I had a L4/l5 Microdiscectomy in May which fixed the severe leg pains I was suffering. However, in August the pains in my lower back returned and got worse, radiating pain into my sacrum and hips. I saw my consultant again today. He confirmed that the pain source was not my hips and said that there may be something amiss at L1/L2 level. He has ordered another MRI scan to find out what's going on and will deal with whatever shows up.

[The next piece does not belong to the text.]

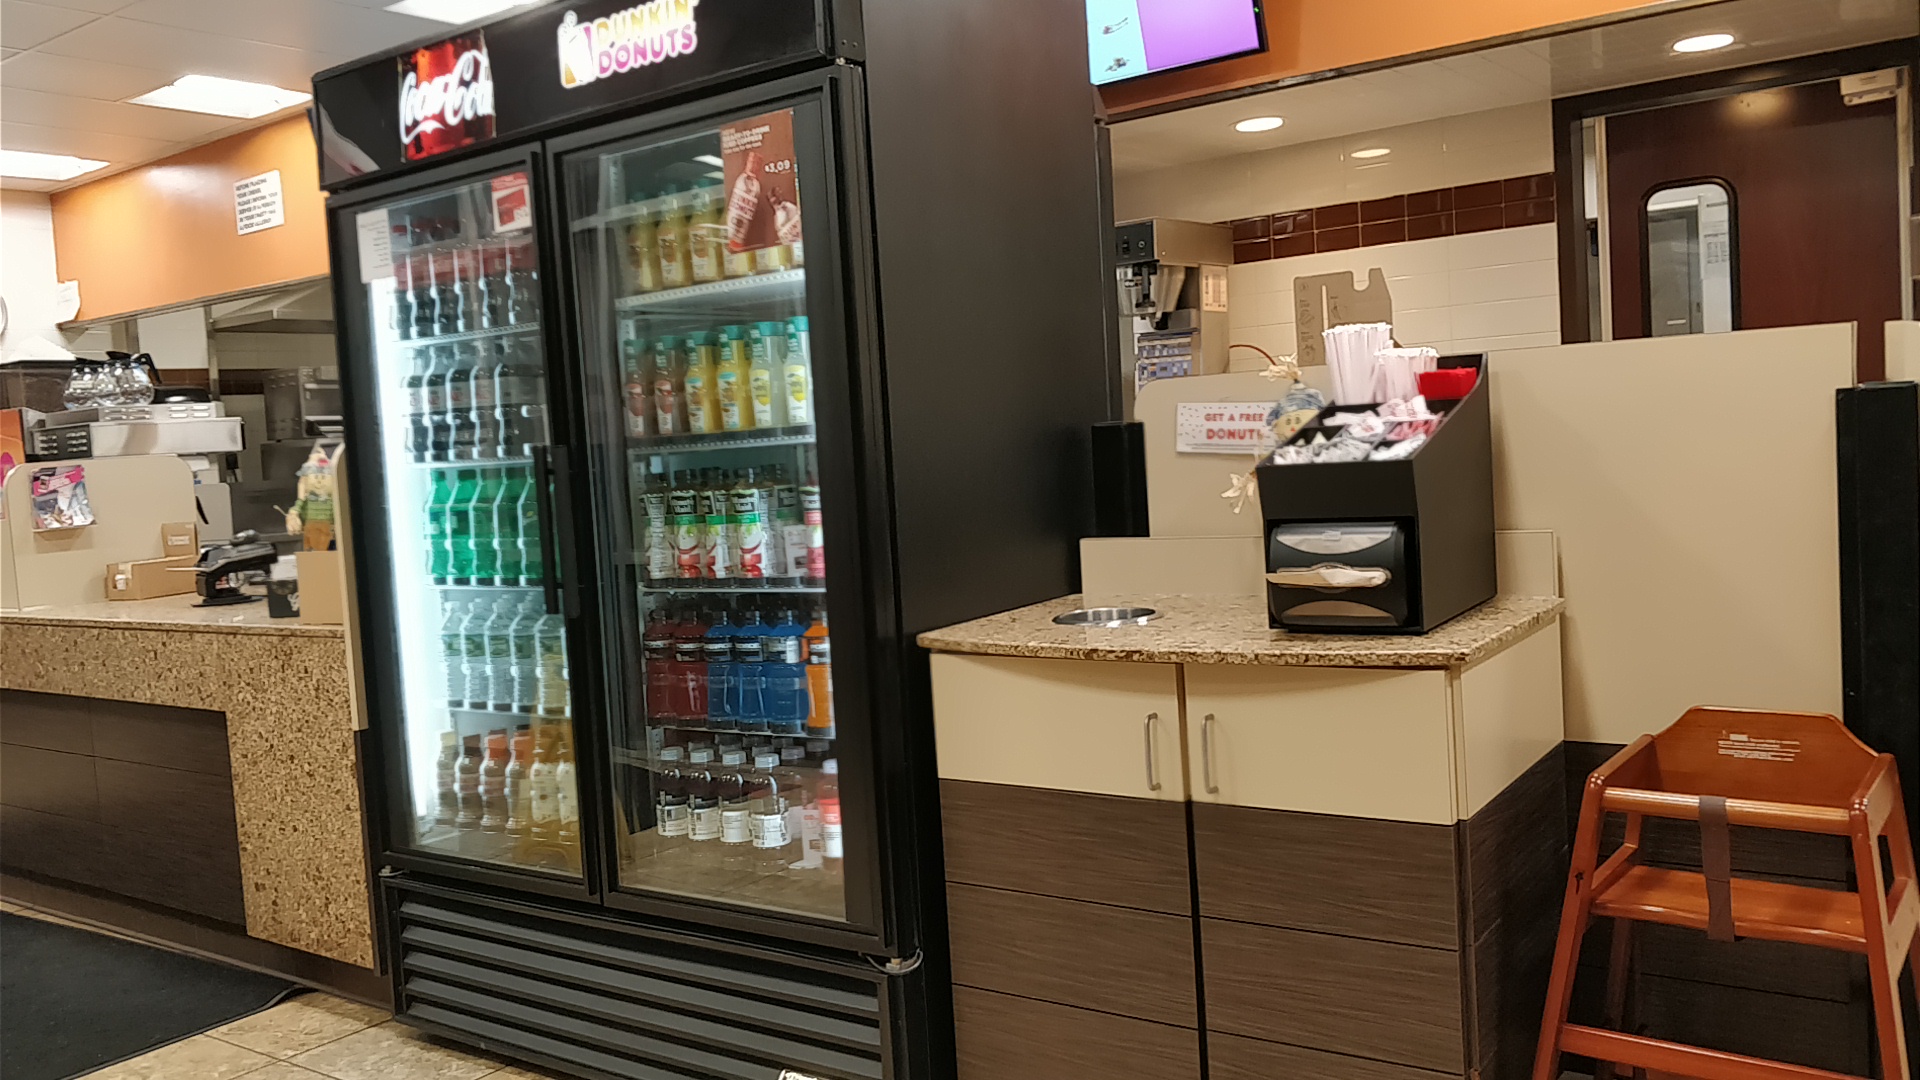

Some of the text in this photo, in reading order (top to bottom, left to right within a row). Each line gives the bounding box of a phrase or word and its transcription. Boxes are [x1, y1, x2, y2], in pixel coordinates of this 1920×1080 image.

He asked me about bowel and bladder function and was I having any difficulties either emptying or retaining. I told him that I have recently had episodes when I finish urinating but, after I have 'zipped up' I get a leakage of about 10 mls requiring a change of underwear. He was a little concerned and said that I should attend A&E / ER if I suddenly become fully incontinent. He told me about cauda equina and what to look out for.

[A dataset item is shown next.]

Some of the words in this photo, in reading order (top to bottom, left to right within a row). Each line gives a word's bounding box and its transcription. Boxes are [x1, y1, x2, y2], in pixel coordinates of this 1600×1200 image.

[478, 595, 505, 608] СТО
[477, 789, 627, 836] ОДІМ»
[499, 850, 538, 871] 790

I have no 'saddle' numbness, but one thing I forgot to mention is that I have recently found that I get very little warning that I need to do a poo. All of a sudden I get an almost painful need to evacuate. It happened yesterday and I got to the toilet just in time. However, this evening I was not so fortunate and made a mess. I can 'squeeze the door shut' with a mild urge but, without any build up I am getting caught short.
So my question is: is this a cauda equina syndrome symptom and, if so, is it urgent enough to go to a&e?
L5-S1 herniation. Both knee meniscus tear. L4-5 herniation - 2 x nerve block injections. L4-5 discectomy. L1-2 nerve block injection. L4-5 reherniation - TLIF fusion. 2016: L1-2 and L5-S1 retrolistheses and multiple facet joint degeneration.